### Exercise:
The records below are to be returned exactly as written, minus their pictures.

(Data shown)

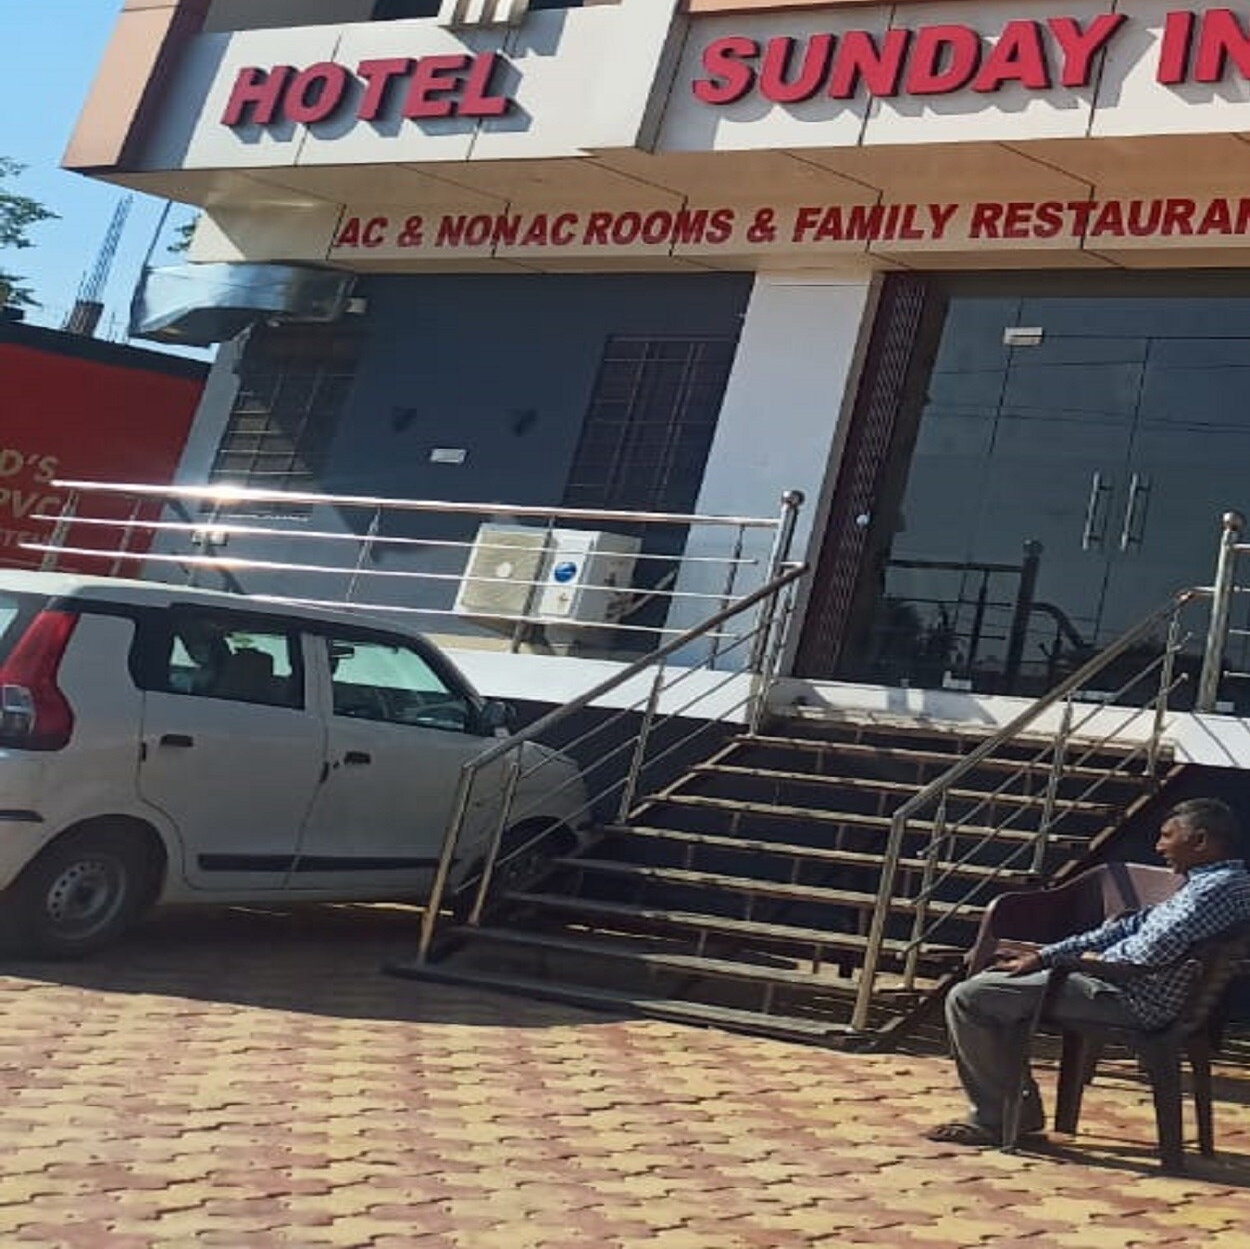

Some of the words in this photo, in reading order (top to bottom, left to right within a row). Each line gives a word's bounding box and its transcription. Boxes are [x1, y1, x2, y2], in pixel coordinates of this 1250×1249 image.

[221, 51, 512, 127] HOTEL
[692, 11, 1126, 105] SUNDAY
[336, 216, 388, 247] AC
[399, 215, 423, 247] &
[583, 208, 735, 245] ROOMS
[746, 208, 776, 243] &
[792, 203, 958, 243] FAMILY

(End Data shown)

### Task output:
Some of the words in this photo, in reading order (top to bottom, left to right within a row). Each line gives a word's bounding box and its transcription. Boxes are [x1, y1, x2, y2], in pixel coordinates of this 1250×1249 image.

[221, 51, 512, 127] HOTEL
[692, 11, 1126, 105] SUNDAY
[336, 216, 388, 247] AC
[399, 215, 423, 247] &
[583, 208, 735, 245] ROOMS
[746, 208, 776, 243] &
[792, 203, 958, 243] FAMILY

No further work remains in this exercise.